出店者紹介,ジャンル:CRAFT

TOKIIRO

【TOKIIRO プロフィール】
10年前から千葉・浦安にアトリエを構え、イベント出店やワークショップなどを通じ、多肉植物のある暮らしを提案し続けているTOKIIRO。ぷっくりと膨らんだ葉やうねりのある茎など、神秘的な姿の植物を器の上に絵を描くように植えていきます。現在、NHK「趣味の園芸」の講師を務めたりと多岐に渡り活動中。季(とき)の色を感じる大小様々な多肉植物がひとつの器にアレンジされ、その姿に惚れ惚れとしてしまうことでしょう。
http://www.tokiiro.com

【TOKIIROの年表・YEARS】

【TOKIIROさんインタビュー】
最近では手軽に購入できるようになった多肉植物。ぷっくりと可愛い葉や、個性的な形の植物に癒されている方も多いはず。TOKIIRO・近藤義展さんの作る多肉の寄せ植えは、小さな鉢植えの上に何種類もの品種の植物たちが、絶妙なバランスを取りながら共存しています。実は多肉の道へと至るまで一筋縄ではいかない体験を持つ近藤さんに、浦安のアトリエでお話をお聞きしました。

好きなものに没頭していた学生時代

ーーー近藤さんは昔から植物がお好きだったのですか?
近藤:小さい頃からミュージシャンになるのが夢で、大学に行っても音楽に明け暮れた日々を送っていました。パートはキーボードで曲作りも自分たちでして、プロの道へと突き進んでいきました。

ーーー音楽の道に進んでいたんですね
近藤:プロになってしばらくして気がつきました。どんなに努力しても1%の才能を持つ人たちには敵わないって。あまり他の人たちがどんな音楽を作っているのか、流行りはどういうのかなど、周りのことは気にしない性格だったのですが、ある時から曲を作ることができなくなって、「あぁ、自分には才能がないんだな」って悟って、ほどなくして違うことをしようとなりました。

ーーーなるほど。それで音楽から植物の道へ……。
近藤:いや、今やっている多肉との出会いは結構最近なんです(笑)。音楽を辞めてからは、自分で事業を立ち上げたりして今とは全然関係のない仕事をやっていましたよ。自分の価値は自分でしか測れないと思っていた時期があって、どこかの会社に入ってお給料をもらっても、それは本当に自分のスキルに対して正当なものなのか、と疑問を持っていたので、自分だけでできる仕事をしようと移っていきました。

個人事業とうまくいかない日々

ーーー個人事業をいきなりはじめたのですね。そのときはどんなことをされていたのですか?
近藤:まずは事業を始めるにあたって、帝王学や成功哲学とか、仕事でどうやったらちゃんとお金を稼ぐことができるかを徹底的に学びました。そこで見つけたのが、“まだ世には出ていない未来の製品”を作っているメーカーの代理店の仕事です。今で言うiPhoneのような、その当時はまだ使い方もわからないような物を作っている夢のような会社がありました。そういった物を扱って販売していたのですが、何と言っても誰も使ったことがない、前例のないものを売るわけだから、買ってもらうのは大変でした。

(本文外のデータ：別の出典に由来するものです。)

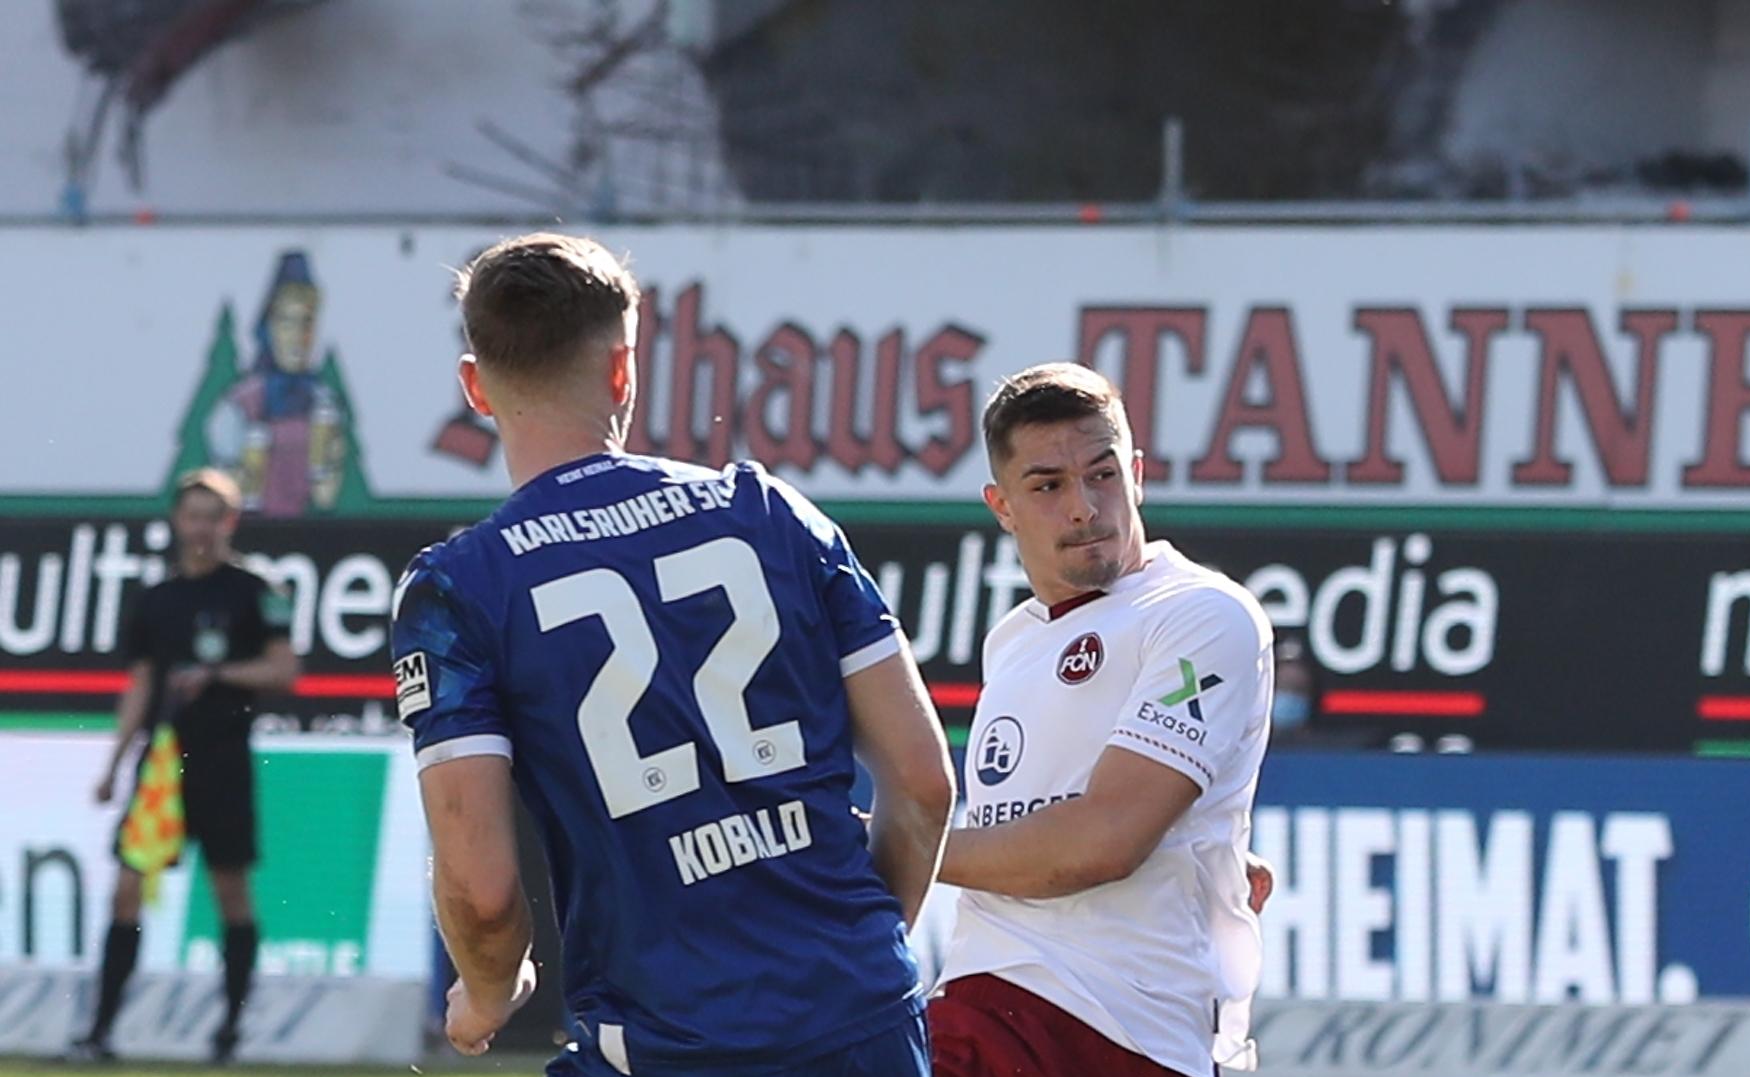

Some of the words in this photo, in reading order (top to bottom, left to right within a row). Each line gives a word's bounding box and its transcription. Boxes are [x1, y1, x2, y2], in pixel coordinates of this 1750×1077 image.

[500, 483, 697, 556] KARLSRUHER
[529, 537, 807, 819] 22
[1060, 651, 1097, 673] FCN
[1136, 701, 1208, 747] Exasol
[1255, 806, 1699, 1003] HEIMAT.
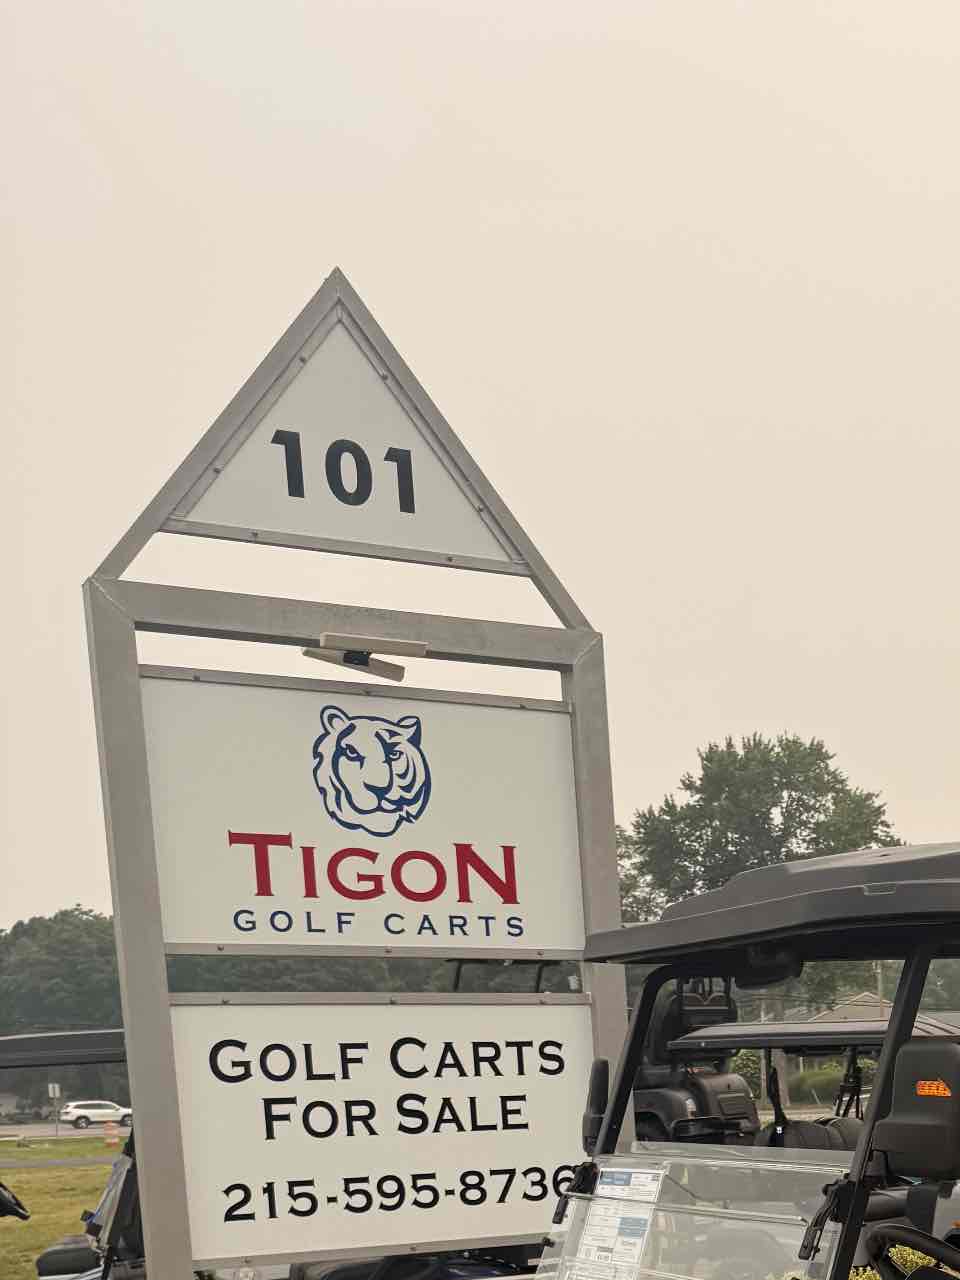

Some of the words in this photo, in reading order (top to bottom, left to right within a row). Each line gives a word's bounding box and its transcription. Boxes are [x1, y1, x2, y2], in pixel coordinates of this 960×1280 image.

[270, 428, 417, 515] 101
[227, 829, 521, 905] TIGON
[233, 909, 357, 934] GOLF
[383, 912, 525, 938] CARTS
[208, 1037, 370, 1084] GOLF
[389, 1036, 566, 1080] CARTS
[261, 1095, 379, 1141] FOR
[396, 1093, 530, 1136] SALE
[221, 1163, 577, 1223] 215-595-8736

ーーーたしかに、未知の道具に対して最初は怪しんでしまいますよね。
近藤:なので、物を売ると言うよりも、“自分”を売る、という表現のほうが正しいかもしれません。まずは近藤義展というひとりの人間を信用してもらい、この人が勧めるなら間違いないと思ってくれるアプローチをしていきました。こういう時に学んでいた帝王学とかが活きてきましたね。

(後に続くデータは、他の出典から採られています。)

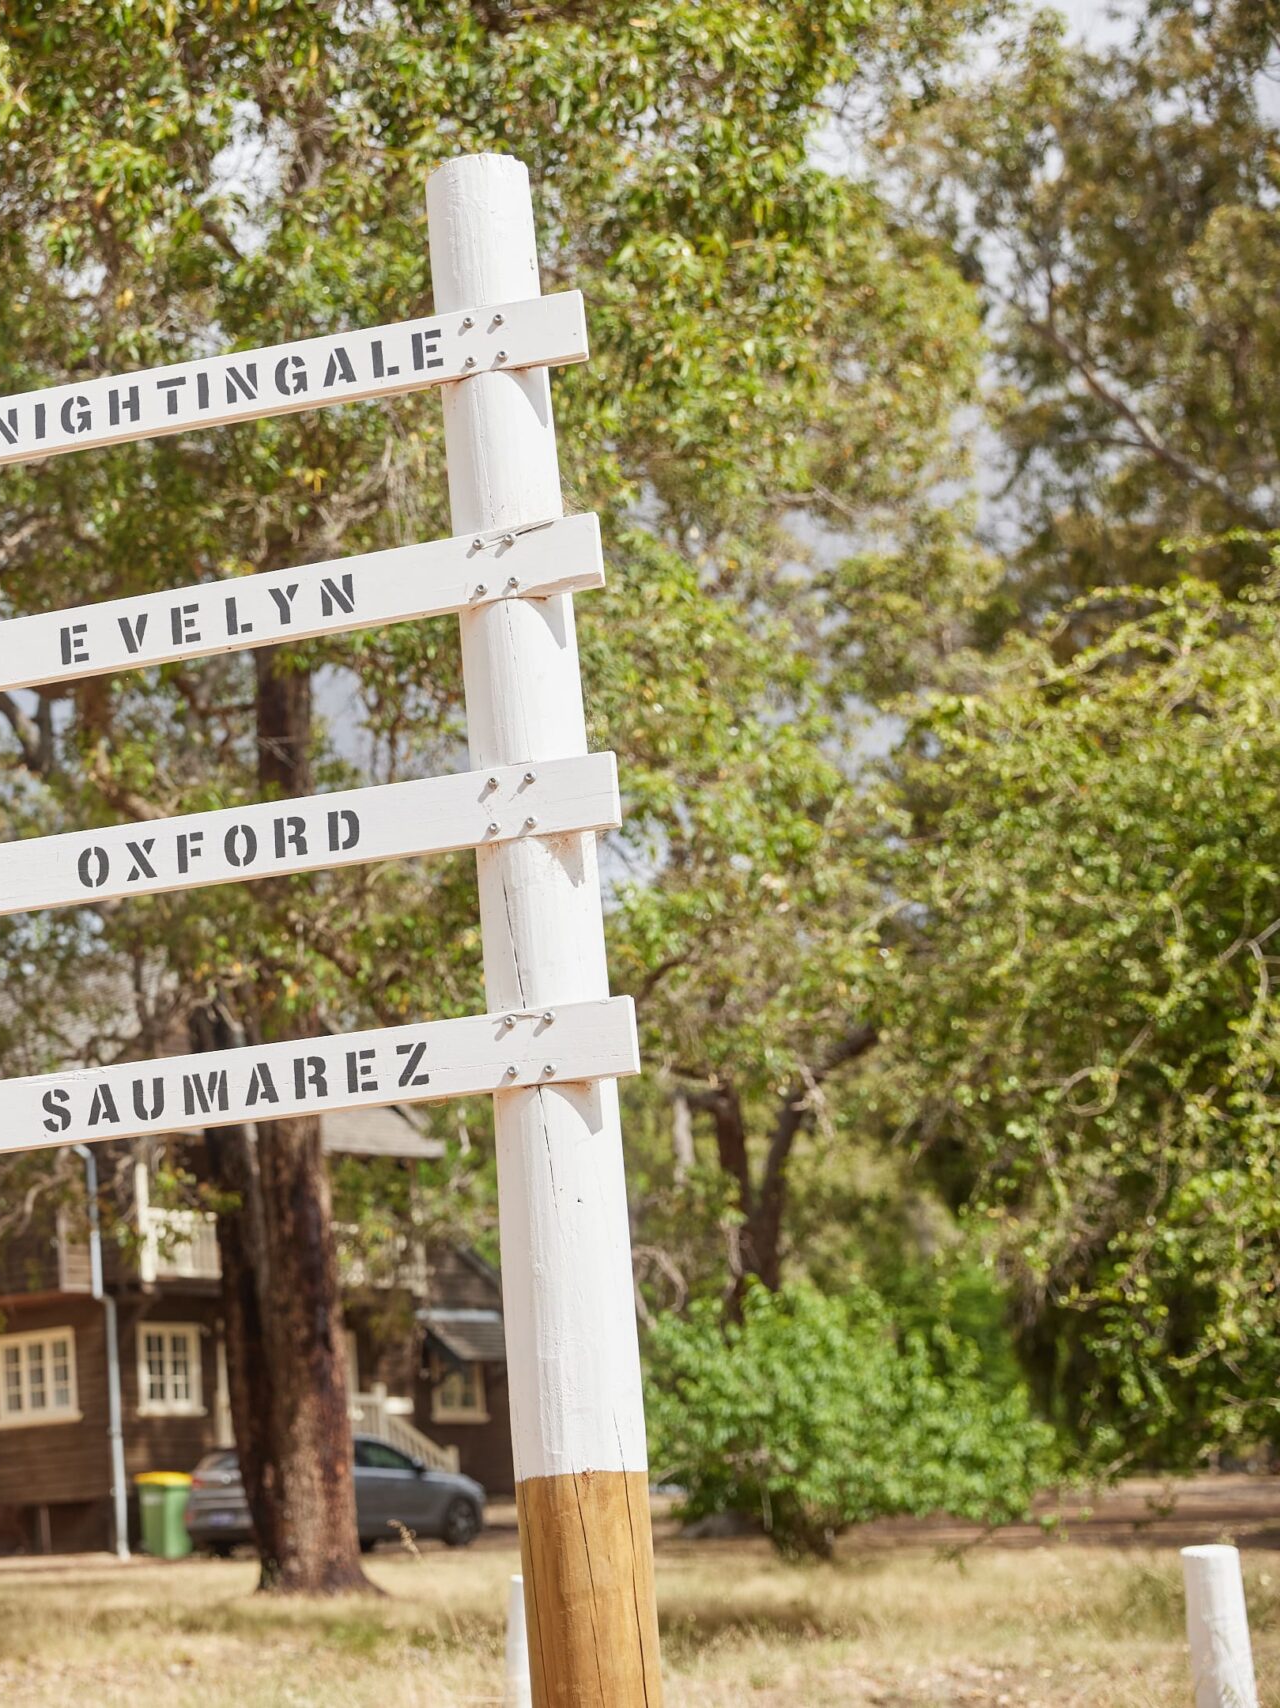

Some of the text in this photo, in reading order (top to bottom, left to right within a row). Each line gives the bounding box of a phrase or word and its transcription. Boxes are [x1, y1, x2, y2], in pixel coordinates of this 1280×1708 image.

[60, 573, 355, 665] EVELYN
[77, 808, 360, 888] OXFORD
[42, 1041, 430, 1132] SAUMAREZ

ーーー夢の道具を売り歩く商社マン、と言ったところでしょうか。かっこいいですね。
近藤:でも、長くは続きませんでした。プライドだけが高くなって、間違った方向に進んでいても自分の考え方を変えられなくなっていったんです。「かっこよくいたい」、そう考えてしまって、今考えれば全然かっこよくないのに、それが正解だって思ってしまっていて。先輩たちからの忠告やアドバイスもたくさんもらっていたのですが、受け入れられずにいました。冷静になって思い返せば、大事なことをたくさん言われていましたよ。それで、事業がうまくいかなくなって、借金だけが増えて生きていくのさえ辛くなっていきました。

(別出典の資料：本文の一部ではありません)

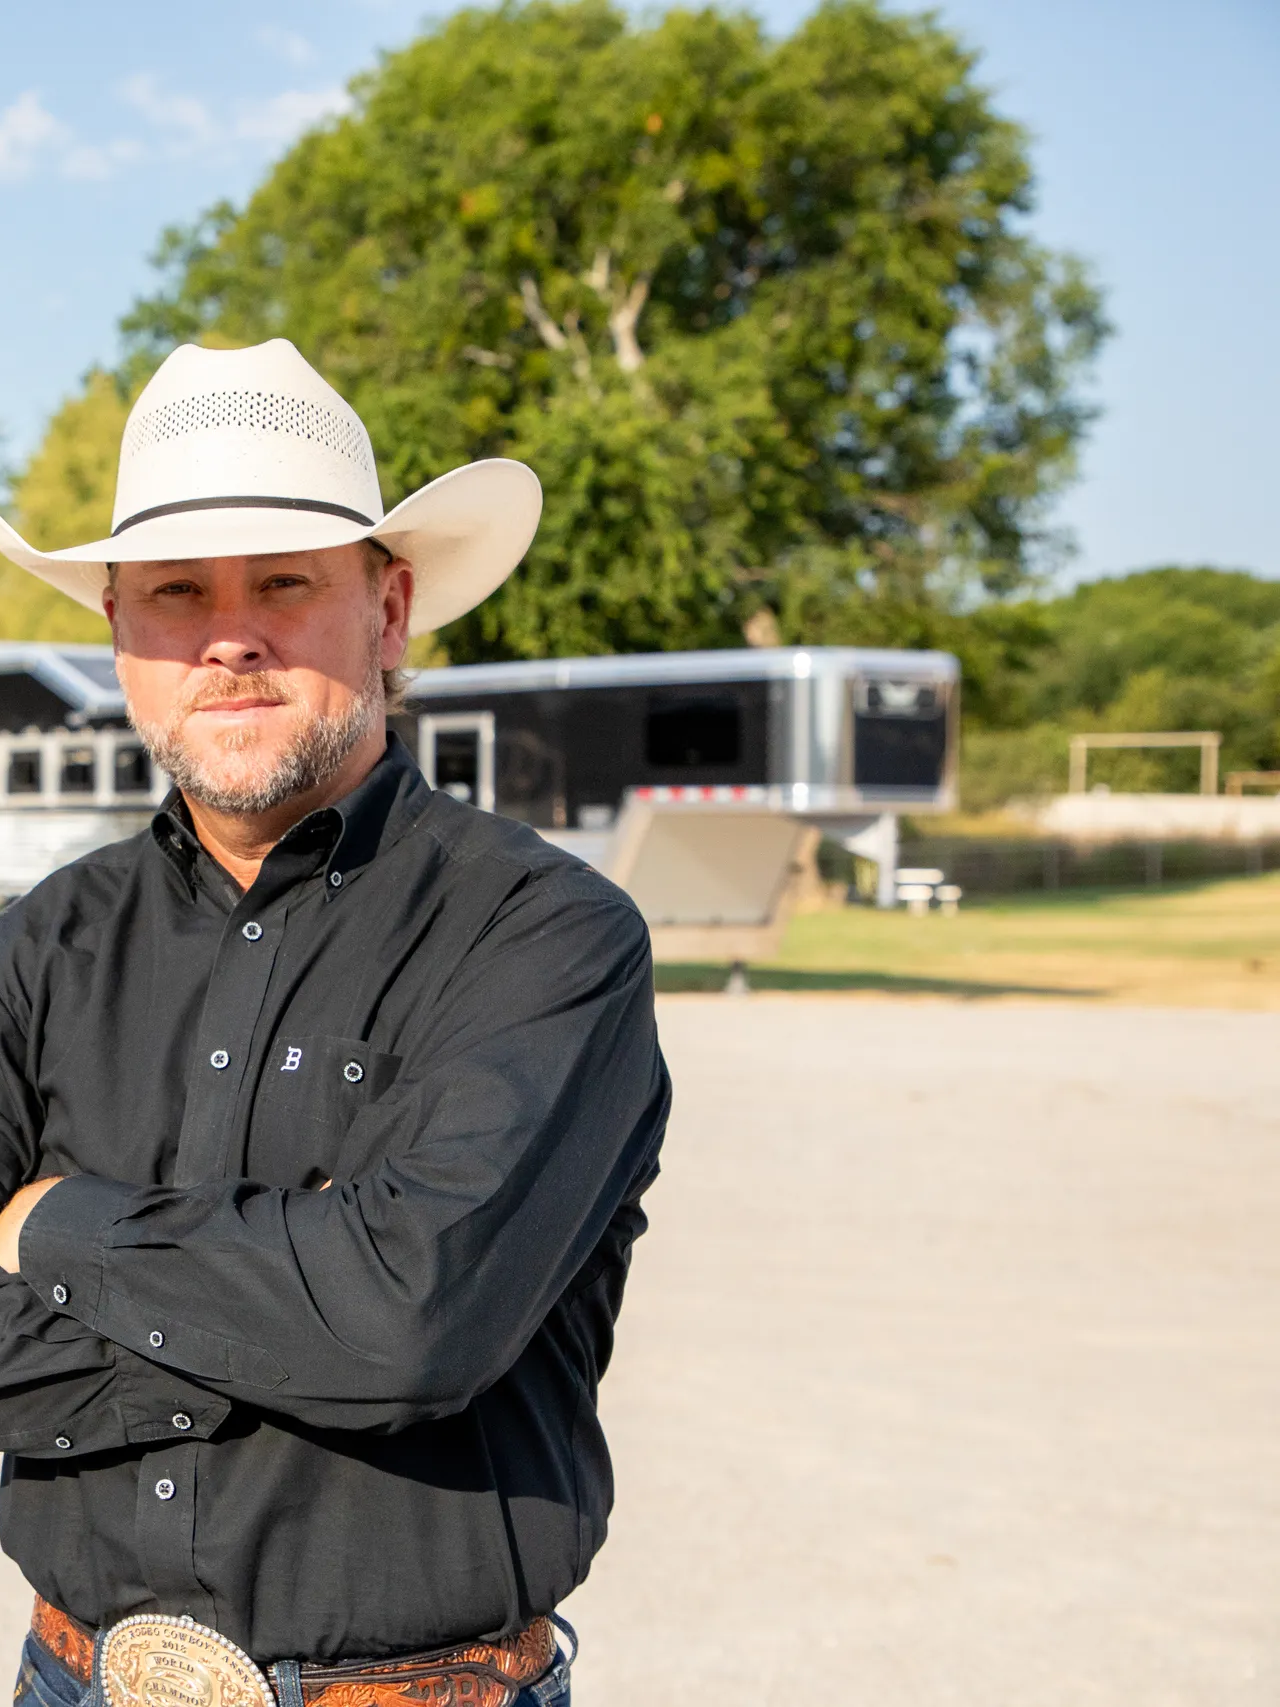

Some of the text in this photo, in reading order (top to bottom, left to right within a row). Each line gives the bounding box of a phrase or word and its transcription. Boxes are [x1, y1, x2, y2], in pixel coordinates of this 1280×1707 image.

[280, 1046, 302, 1071] B
[129, 1627, 160, 1639] RODEO
[163, 1628, 218, 1655] COWBOYS
[153, 1656, 194, 1673] WORLD
[145, 1682, 206, 1706] CHAMPION

ーーーそこから今に至るまでどんな心境の変化があったのでしょうか。
近藤:その頃は家賃を払うのもままならなくて。でも、先の見えない生活でも猫は飼っていたのですが、その子のご飯は「何としても食べさせなければ」と思っていたんですよ、自分が食べるのも精一杯だったのに。だけど本当に仕事も無くなり、何もすることがない日々が続いて、もう無理だと人生の終わりを悟りかけた時、猫の「にゃー」って鳴き声を聞いてハッとしたんです。自分が居なくなったらこの子はどうやって生きていくのだろうと。この時から死に物狂いで何でもやるようになりました。

ーーー飼っていた猫に救われたのですね。
近藤:そうですね。それからは知り合いからの紹介で、地デジアンテナの交換の仕事をはじめました。まだ地デジって何? と思われている時期で、中々理解を得られない方にも根気強く説明したりして、アンテナの取り付けなど行っていました。他人と協力して何かを成し遂げる、ということもこの時が初めてでした。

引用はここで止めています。